Metal - metal was always expensive to mine, smelt, and shape. Iron, particularly, required an immense amount of heat. So all metals were precious. Greek columns, for example, held together by lead clips - when times got unsettled, scavengers would chip those bits out of the buildings. The idea that you could produce enough metal to lay miles of iron rails across the countryside and not have anyone sneak over and steal them in the night was a pipe (!) dream.
Energy - to produce that level of metal to make reliable machines, required massive amounts of energy. I have a book on industrial archaeology, mentions the crude iron smelters of New Jersey. there was a ramp to the top of the furnace to dump wood in. After a decade or two, the massive woods were cleared for miles around. Is it any surprise the industrial revolution happened in places where (coal) energy was abundant? So too, slavery negated the need for serious labour-saving devices, if it wasn’t your labour. A steam gizmo to turn the wheel in a mill was useless if you needed slaves to scour the countryside to bring the wood to feed it. It’s no surprise the first use of originally very inefficient steam engines was to help pump out coal mines,
I’ll add to that climate. Northern Europe particularly but the area in general benefits from a fairly wet climate that allows a reliable food source, wood for construction and building the earlier machines. The windmills that drained the Netherlands polders, for example, were a rare example of mechanization with immense benefit. Romans built catapults of wood, but Italy was not as much renowned for big forests. In northern Europe, they were right there, not a long way off in Lebanon. And in a more temperate climate, there were less issues with diseases common in the tropics.

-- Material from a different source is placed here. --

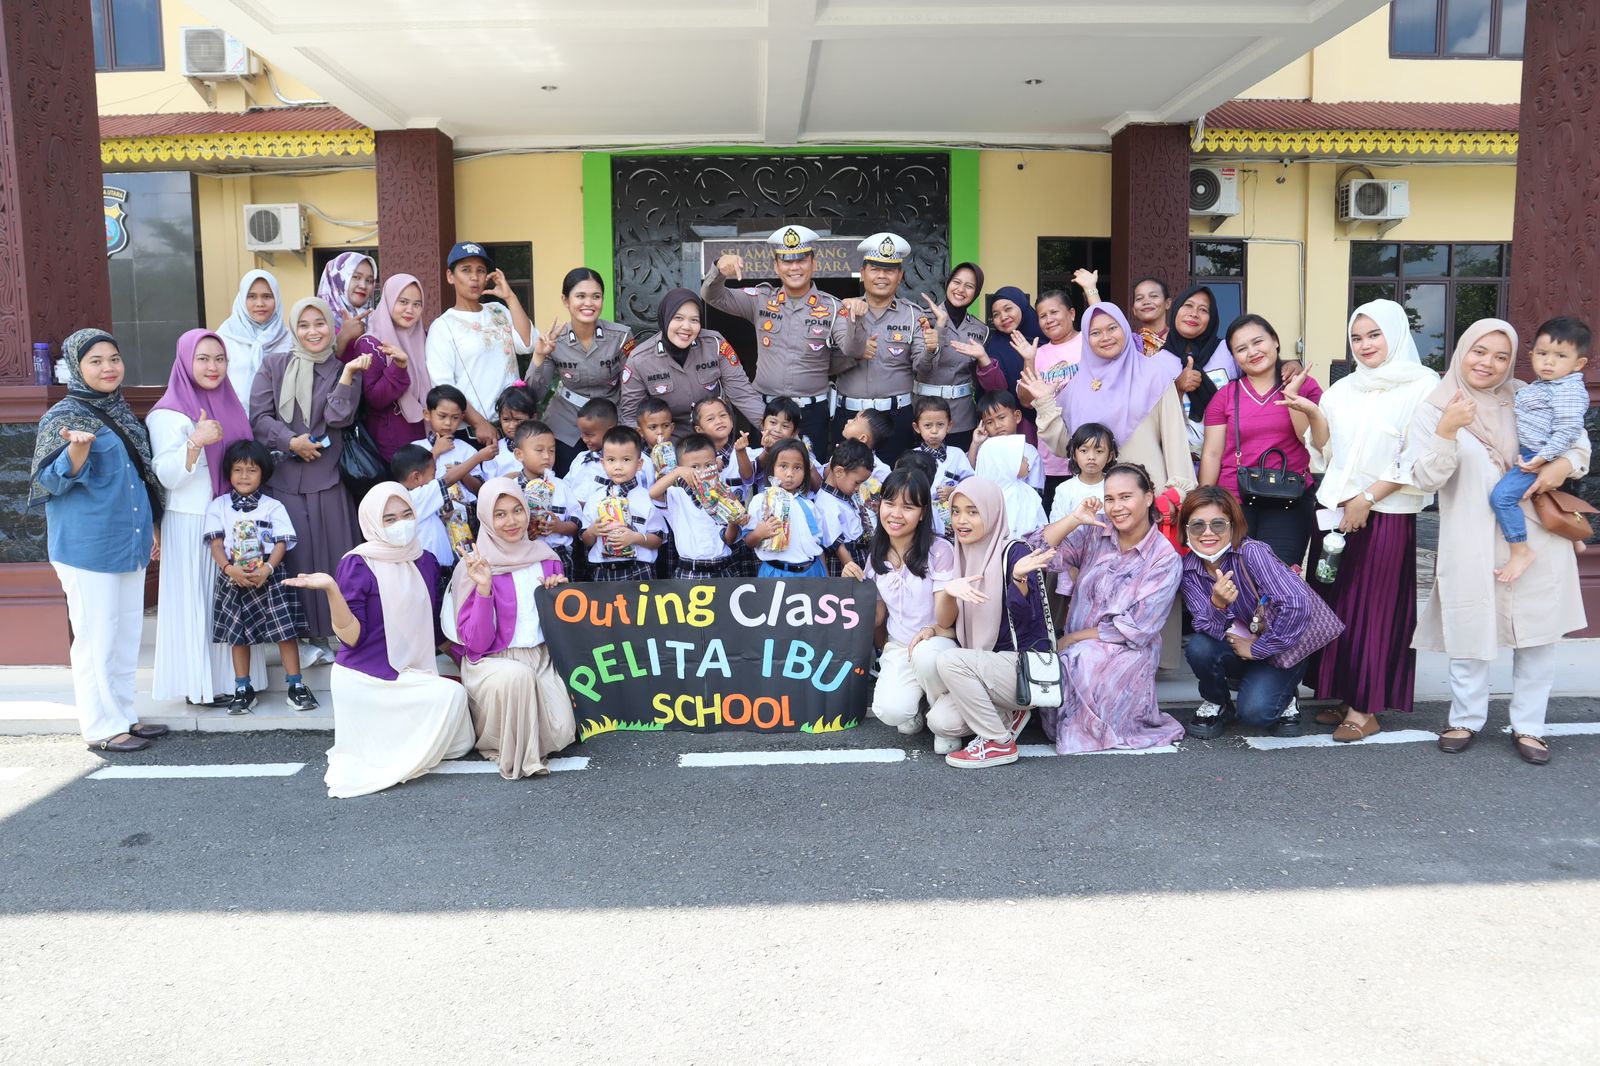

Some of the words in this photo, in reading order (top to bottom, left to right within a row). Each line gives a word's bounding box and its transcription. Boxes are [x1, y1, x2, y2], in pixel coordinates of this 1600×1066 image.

Science - the experimental method cannot be underestimated. Science in the middle ages consisted of quoting the classical experts. Who were you to think you knew better than Galen or Archimedes or Aristotle? Once one group started to show things were not all as was believed, it opened the door. And as mentioned, a middle/upper class with the leisure to “fiddle” or meditate and then experiment was a bonus, so moderately rich stable economies helped. (Not to mention the social mobility implied in a middle class, where by using one’s cleverness, you could hope to earn a richer lifestyle).

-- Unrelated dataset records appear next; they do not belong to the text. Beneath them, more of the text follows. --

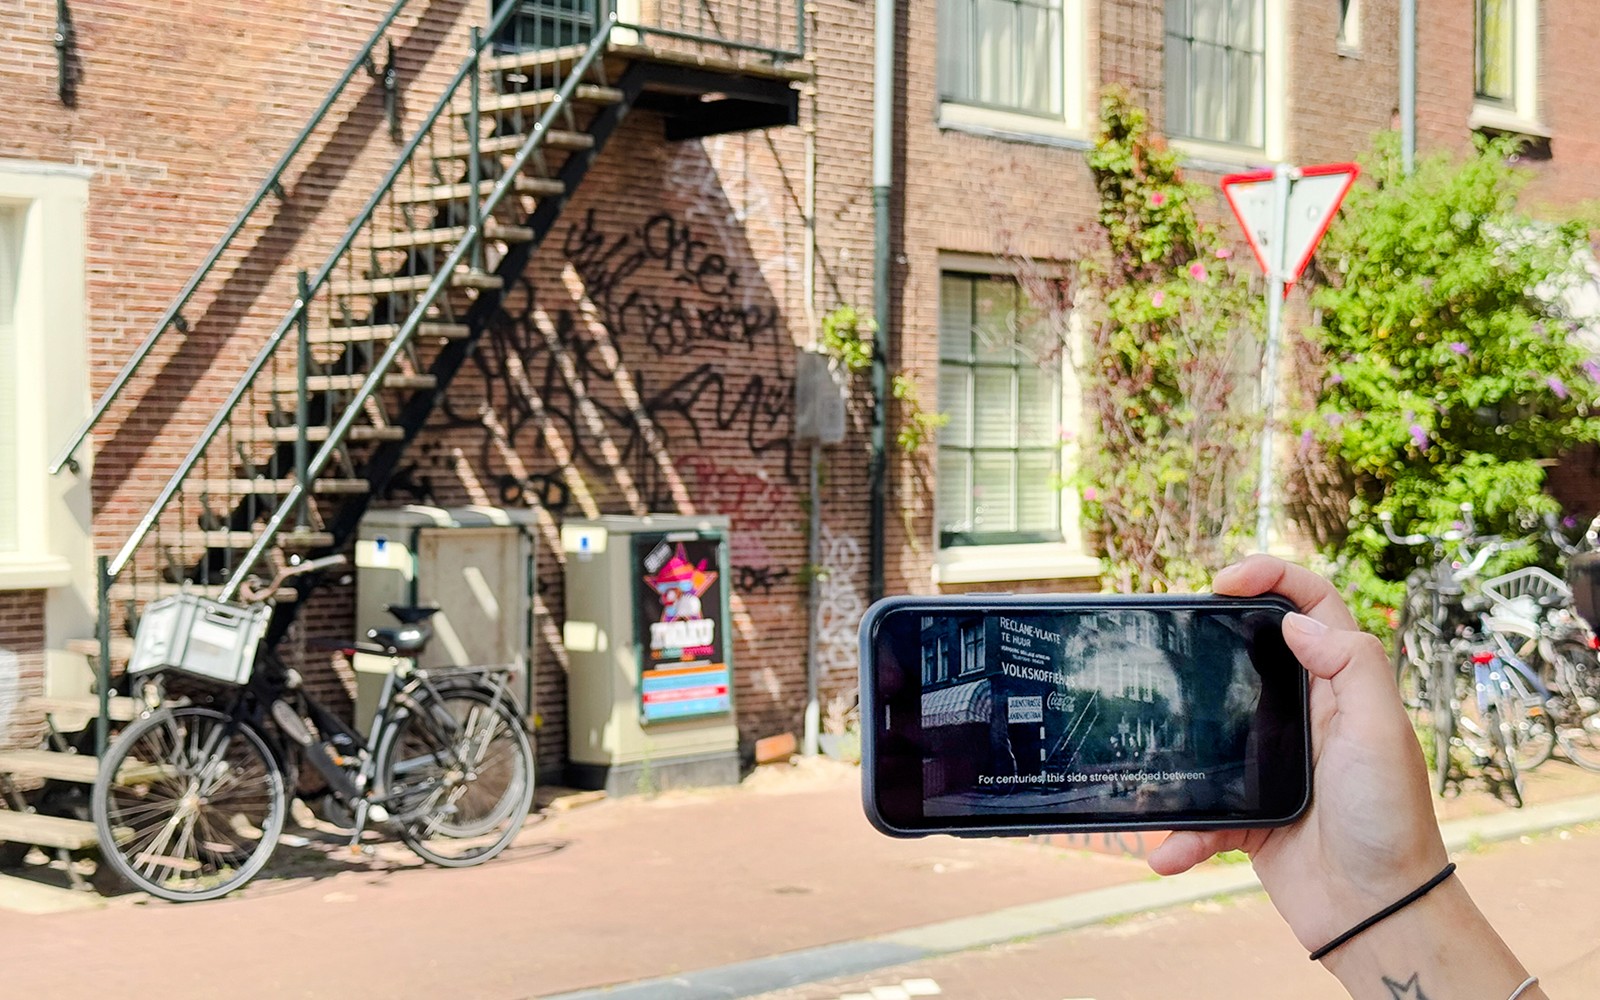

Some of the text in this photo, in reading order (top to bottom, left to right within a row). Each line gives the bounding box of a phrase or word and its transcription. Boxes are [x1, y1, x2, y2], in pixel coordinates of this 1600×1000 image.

[1001, 632, 1011, 643] TE
[978, 775, 994, 785] For
[1047, 772, 1065, 783] this
[1066, 772, 1088, 783] side
[1089, 772, 1118, 782] street
[1119, 770, 1161, 784] wedged
[1162, 770, 1206, 781] between

Printing - and perhaps, unsettled politics - the ability to disseminate knowledge rapidly, to broadcast it across the continent, more than anything created an “arms race” of knowledge. Two people at the same time argued over who created calculus. The existence of multiple independent states made it harder to suppress unpopular learning or suppress actions that competed with state monopolies (think Britain’s salt monopoly in India, the colonial trade restrictions, Spain’s monopolies in the New World, or many similar royal decrees over time, which carried no weight beyond limited borders), and the decline of Rome’s power with the Reformation added to that - things mentioned as an aside in scripture could be ignored. Each step built on the previous.
An interesting book on this subject is Diamond’s Guns, Germs, and Steel. It discusses why Europe won the race to become an industrial powerhouse over many other areas; and suggests luck in having the right convergence of resource, more than any factor, helped. The important thing to understand is that it was a growing accumulation of all the pieces needed in a steadying rush. The printing press was centuries before the industrial revolution. The scientific rush started with the renaissance, in the 1500’s. The age of exploration demanded bigger and better ships and navigation, well before the steam engine.